Natomiast Trybunał Konstytucyjny w dniu 19 kwietnia 2013 roku odmówił rozpatrzenia skargi Ogólnopolskiego Związku Zawodowego PiP.
Powody powyższej odmowy przedstawiłem w dwóch artykułach:
Związek pip składa skargę do Trybunału Konstytucyjnego na przepis pozwalający prowadzić pielęgniarkom działalność gospodarczą w szpitalach. Trybunał do związku: TO NIE WASZA SPRAWA! Czytano ponad 3 000 razy. 30 KOMENTARZY!
NIEZŁY OBCIACH I WSTYD! Trybunał Konstytucyjny wyraża stanowisko, że Zarząd Krajowy związku pip nie udokumentował (w sposób nie pozostawiający wątpliwości), że jest ogólnokrajowym organem związków zawodowych. Czytano ponad 1 000 razy!

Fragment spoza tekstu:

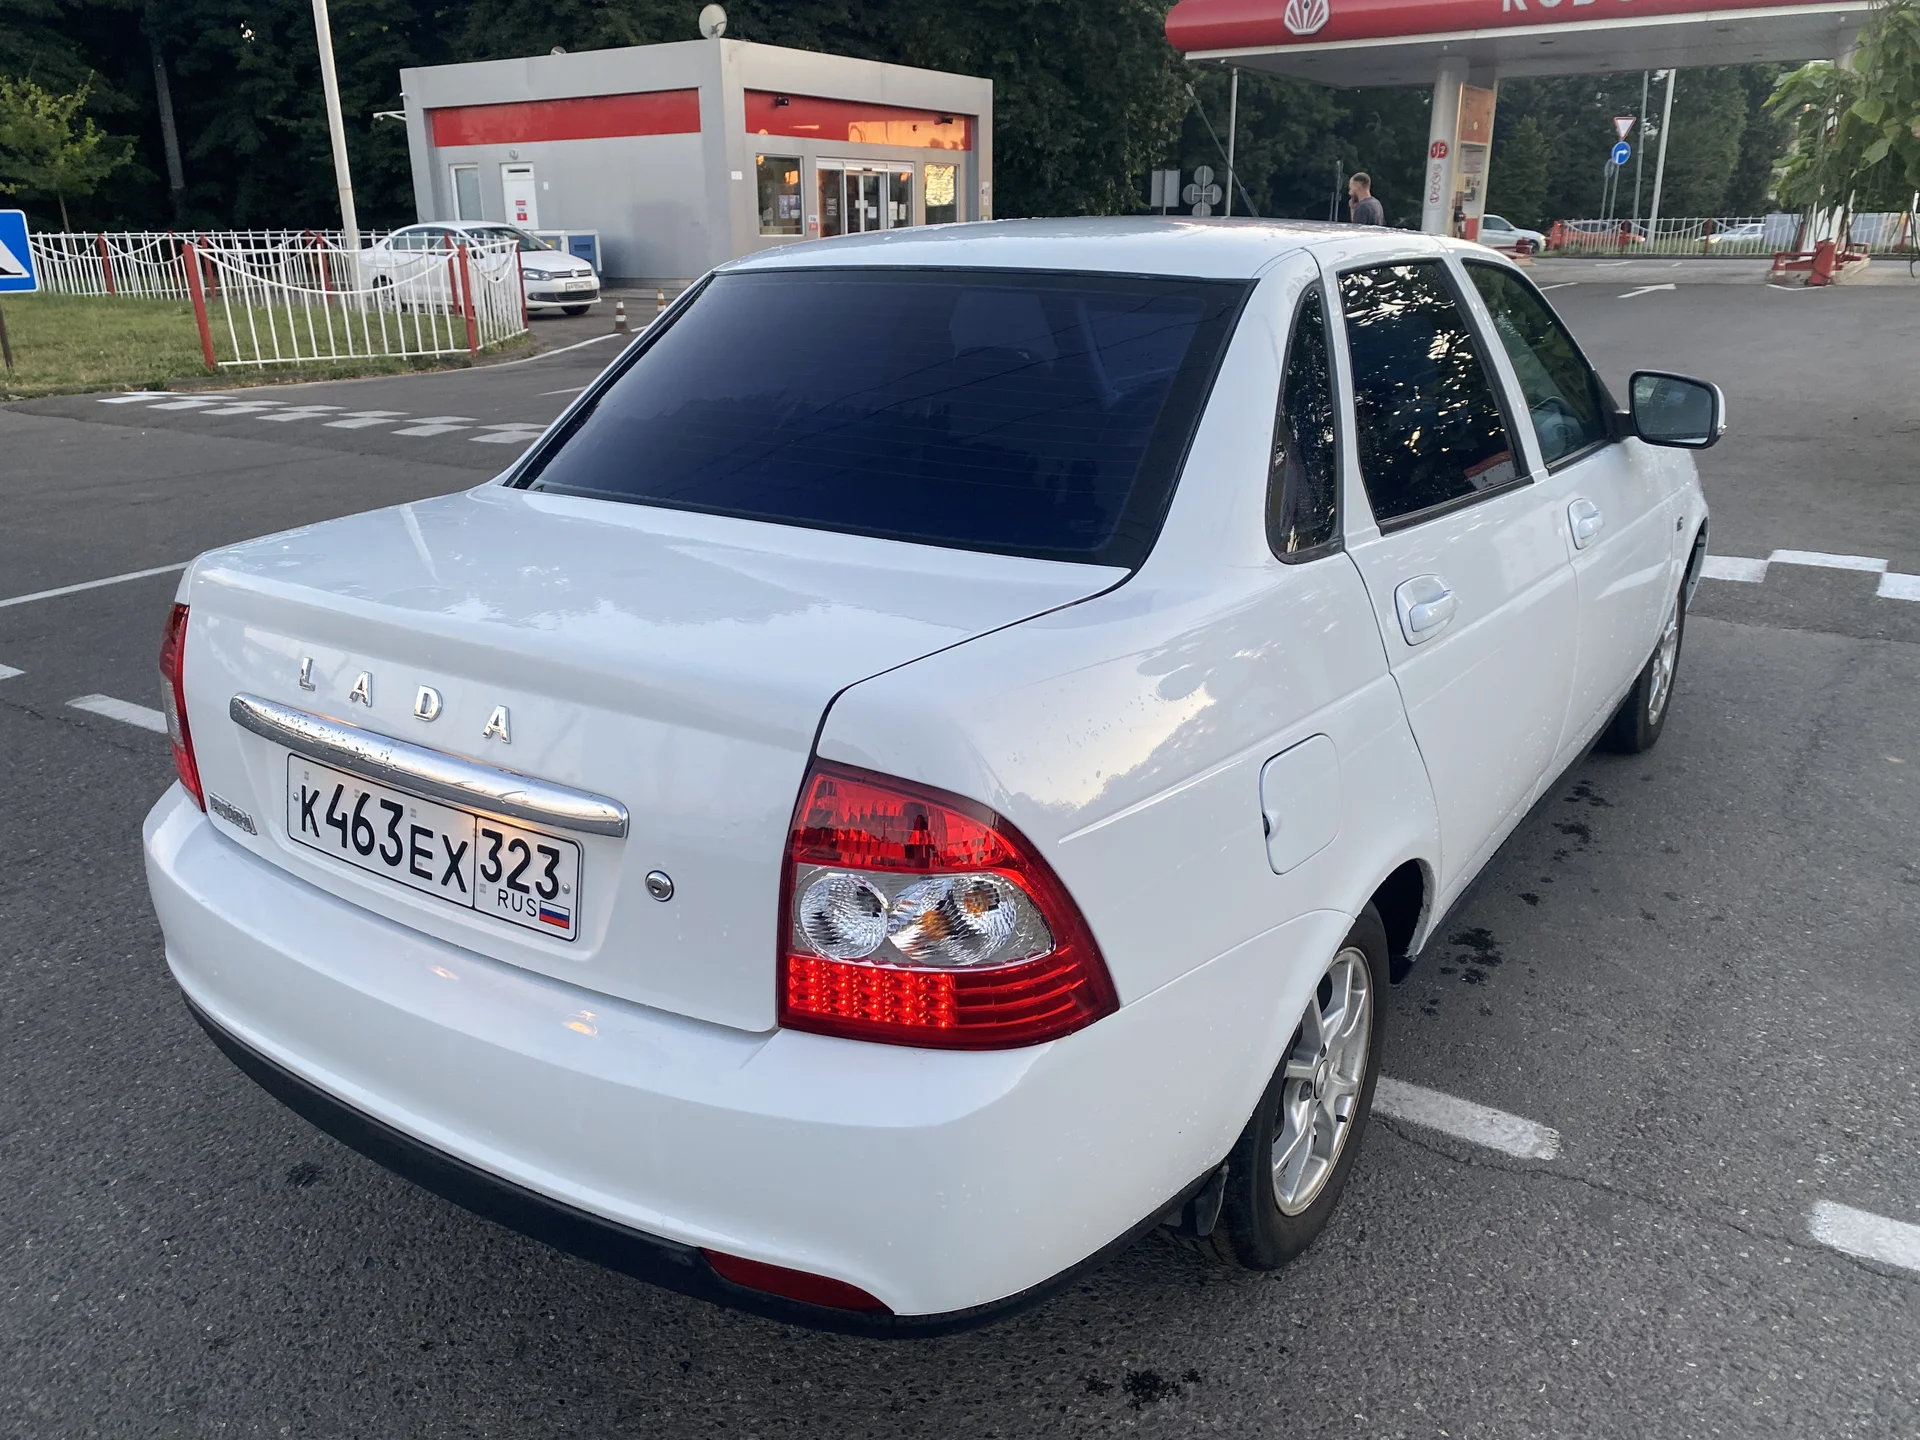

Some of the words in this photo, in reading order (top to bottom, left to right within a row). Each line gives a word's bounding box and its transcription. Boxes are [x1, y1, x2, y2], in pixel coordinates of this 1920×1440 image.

[299, 656, 512, 744] LADA
[301, 783, 468, 893] K463EX
[480, 827, 560, 900] 323
[497, 888, 537, 917] RUS
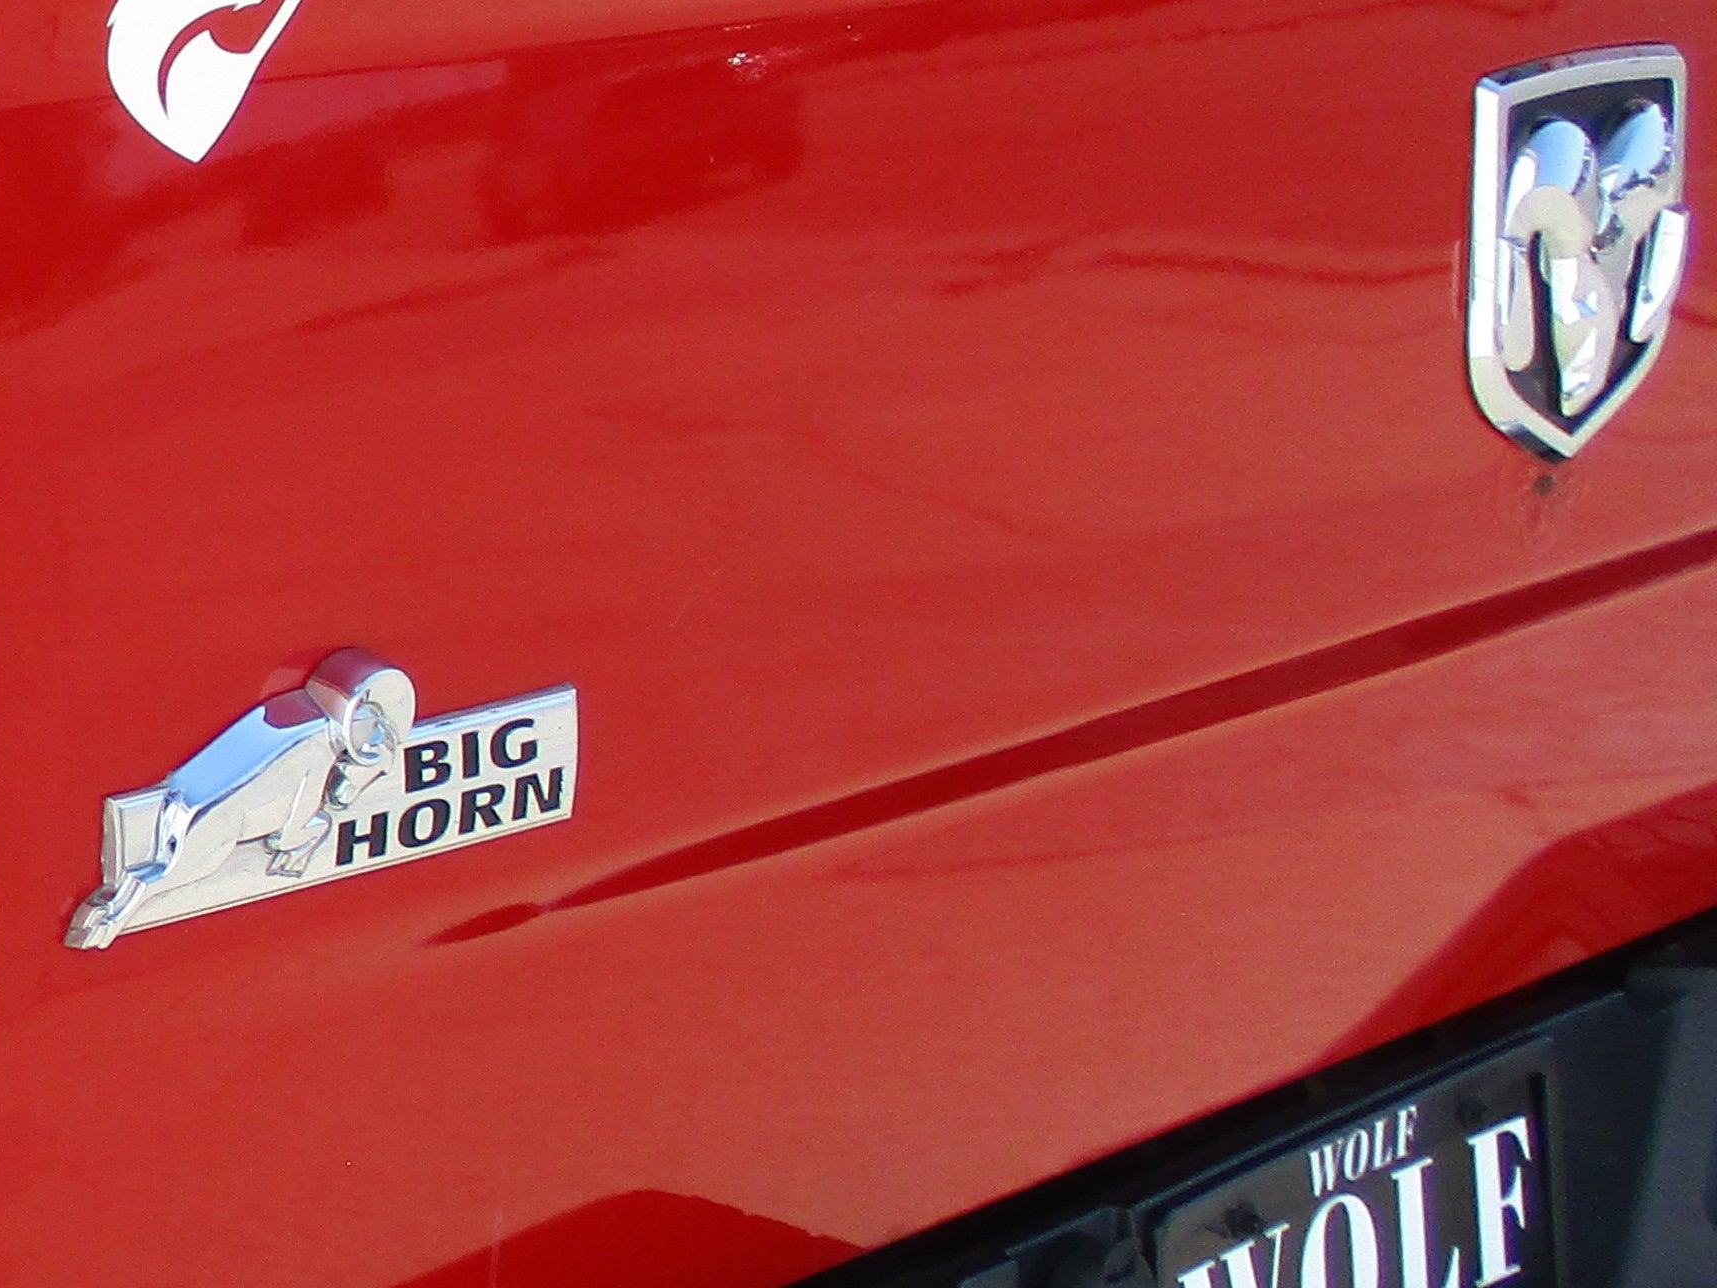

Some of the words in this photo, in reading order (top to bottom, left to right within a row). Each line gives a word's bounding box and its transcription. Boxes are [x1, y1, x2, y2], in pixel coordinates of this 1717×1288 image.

[403, 717, 538, 794] BIG
[335, 767, 565, 867] HORN
[1308, 1104, 1419, 1198] WOLF
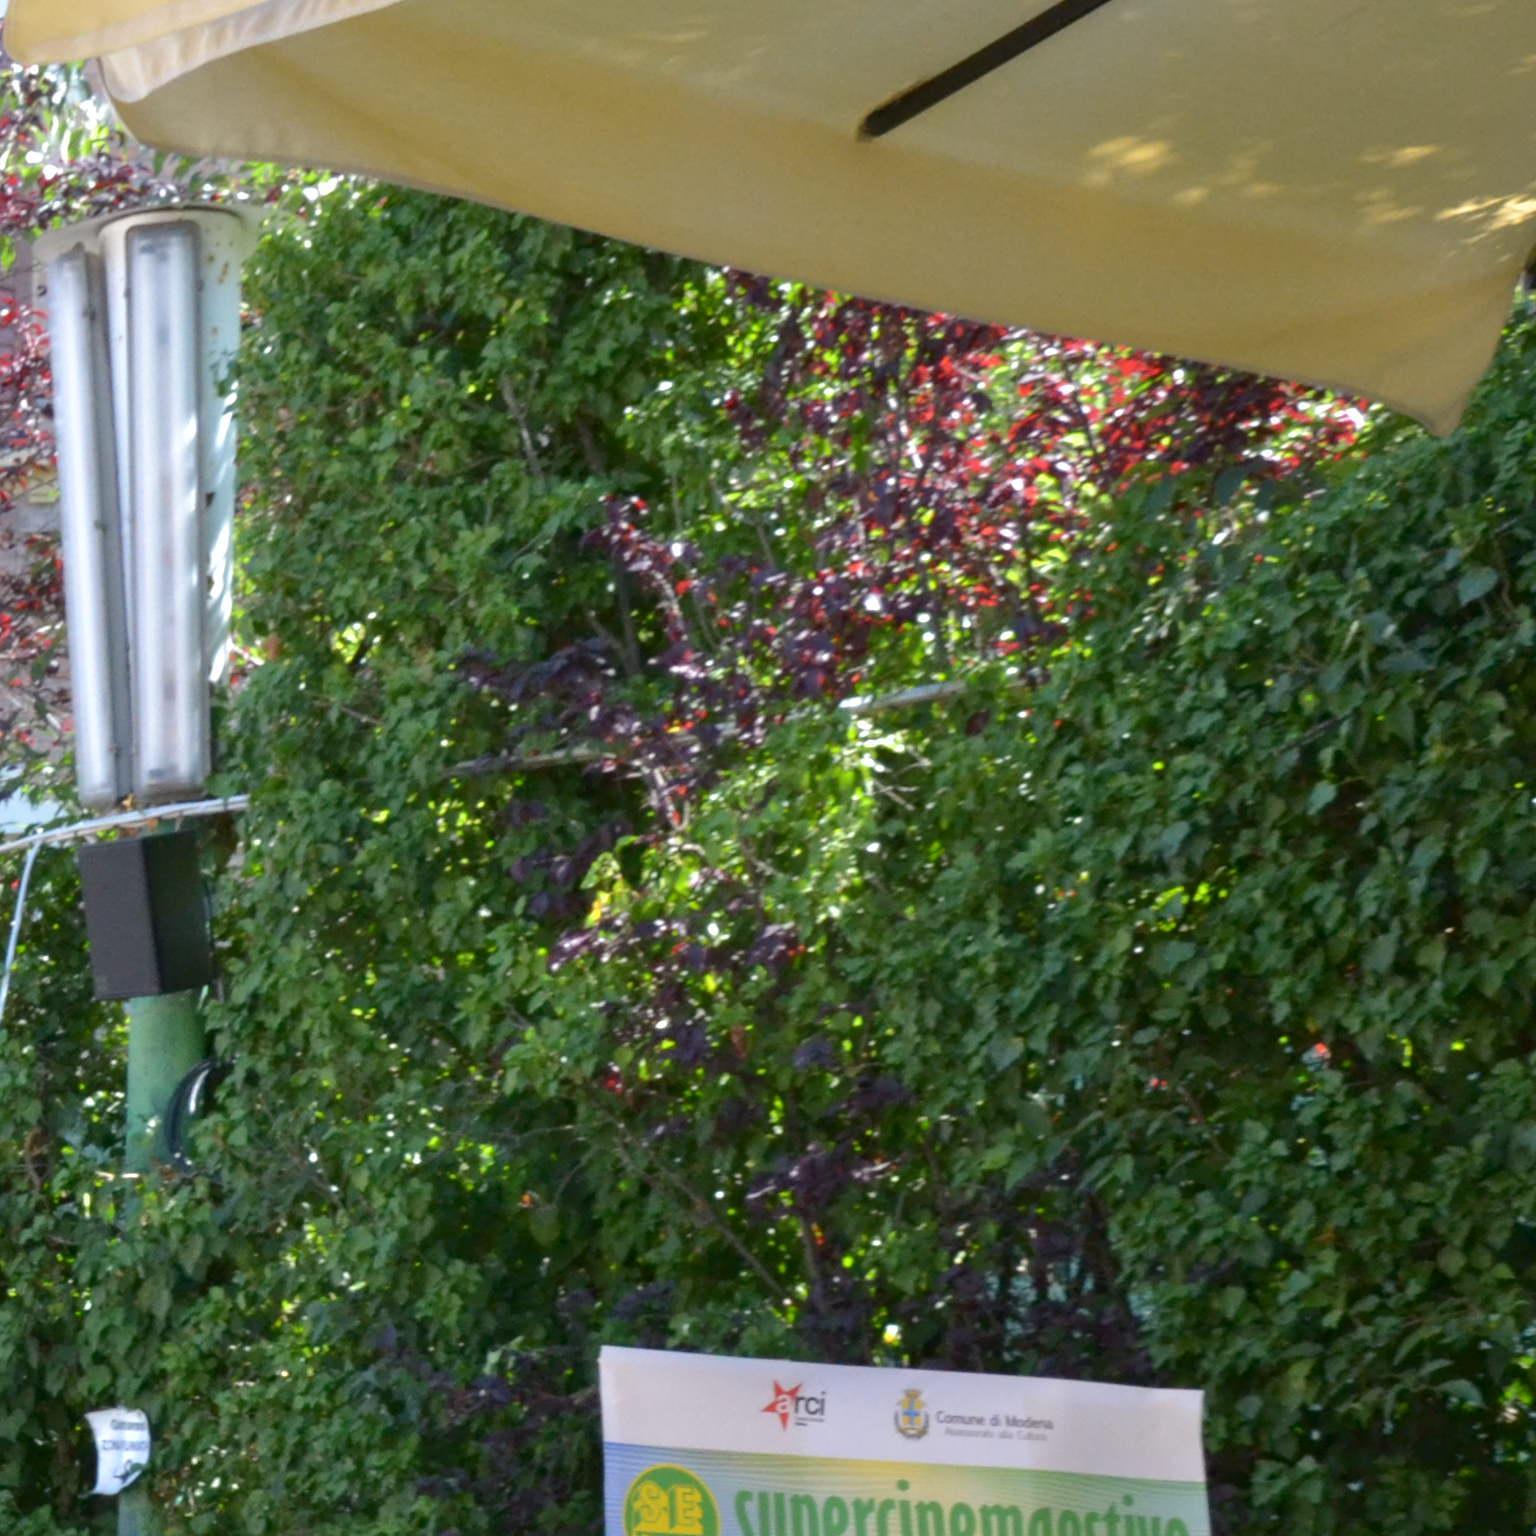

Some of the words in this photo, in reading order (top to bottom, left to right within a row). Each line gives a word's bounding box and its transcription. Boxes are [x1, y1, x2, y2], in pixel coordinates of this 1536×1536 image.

[775, 1390, 827, 1417] arci
[936, 1410, 985, 1426] Comune
[990, 1413, 1000, 1427] di
[1005, 1414, 1055, 1430] Modena
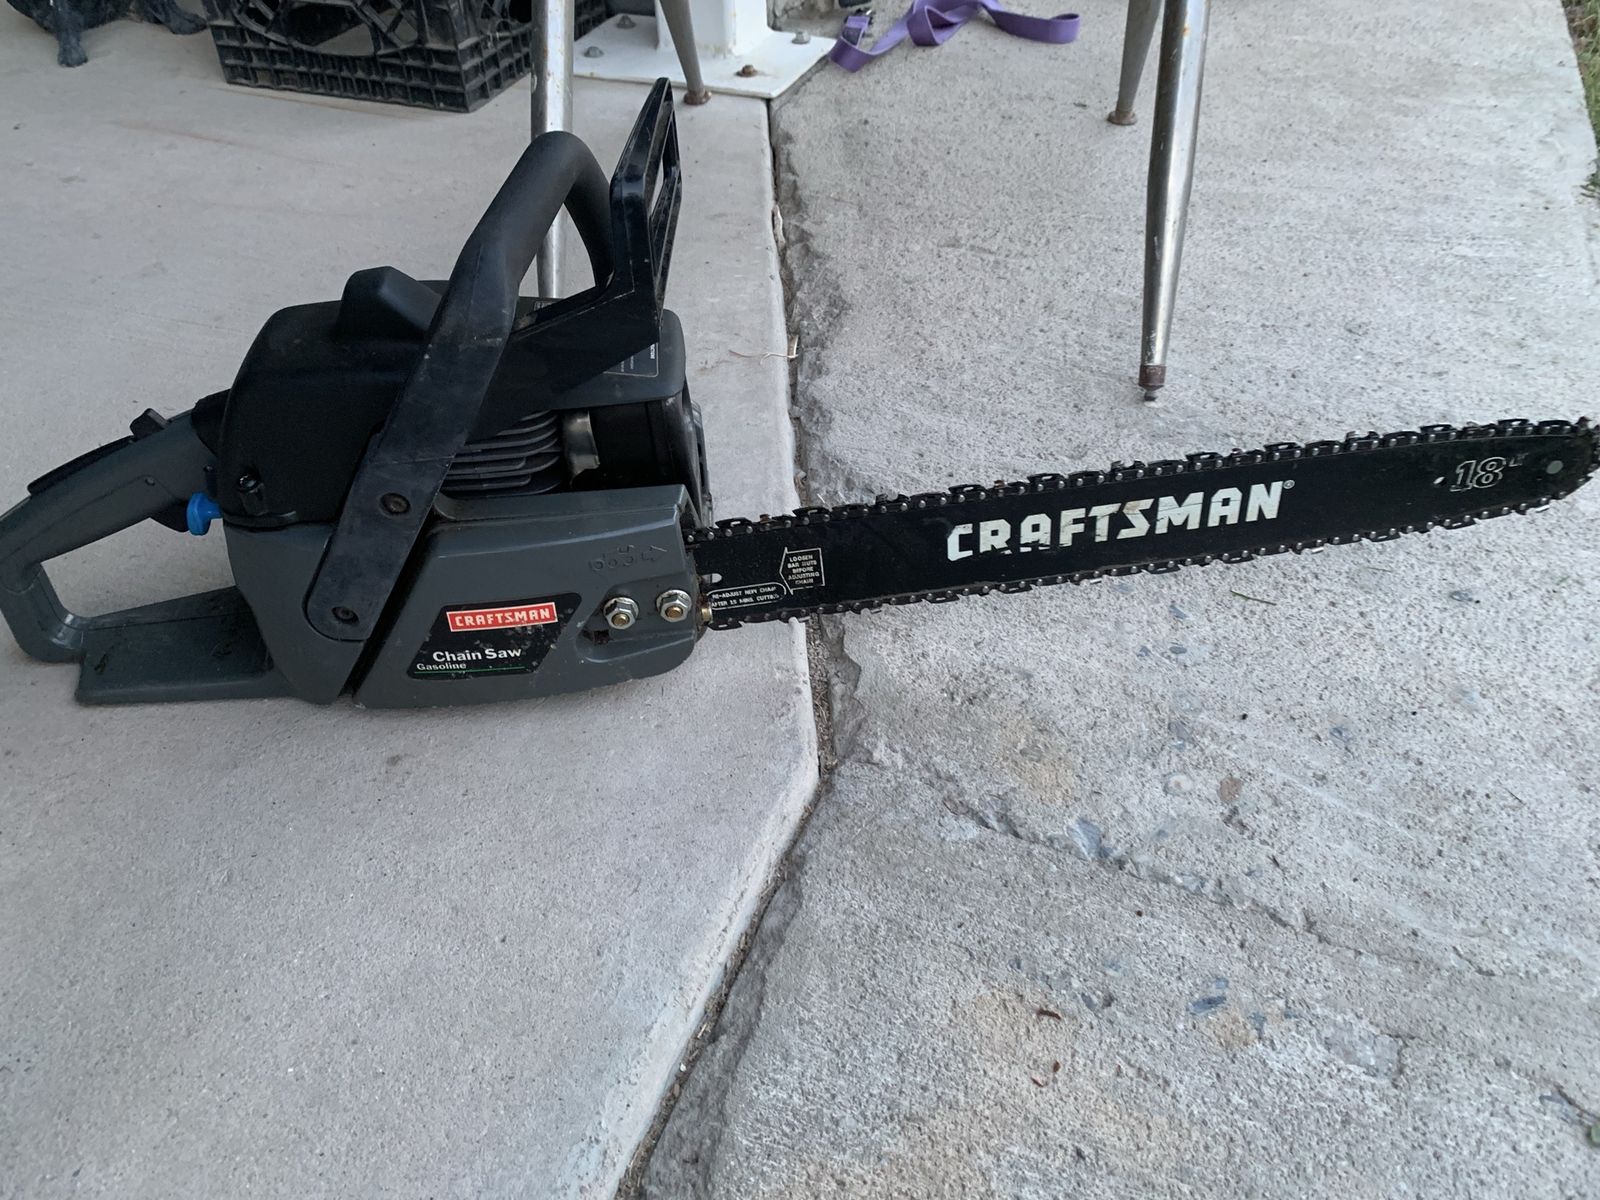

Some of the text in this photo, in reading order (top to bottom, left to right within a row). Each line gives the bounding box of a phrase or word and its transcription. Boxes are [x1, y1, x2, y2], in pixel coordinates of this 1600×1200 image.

Związek o złożeniu wniosku do Trybunału Konstytucyjnego poinformował na konferencji prasowej – zaproszono media: prasę i telewizję. Natomiast w jaki sposób związek informuje opinię publiczną oraz środowisko zawodowe pielęgniarek i położnych o odrzuceniu wniosku przez Trybunał?
Niejako przy okazji. Tak po cichutku. Bowiem poniższa informacja została zamieszczona w tekście pt.: "I Posiedzenie Prezydium Zarządu Krajowego V Kadencji".
Na stronach związku pip, w informacji zamieszczonej w dniu 17 lipca 2013 roku czytamy:
"W sprawie wniosku wniesionego do Trybunału Konstytucyjnego o zbadanie zgodności art. 5 ust. 5 pkt2 lit a ustawy o działalności leczniczej, po wstępnym rozpoznaniu sprawy, zostało wydane przez Trybunał Konstytucyjny postanowienie o odmowie nadania dalszego biegu wnioskowi. Powodem odmowy były uchybienia formalne w zakresie sporządzenia wniosku. Należy zaznaczyć, że wniosek był sporządzony przez Kancelarię Adwokacką z Katowic, która reprezentowała OZZPiP przed Trybunałem".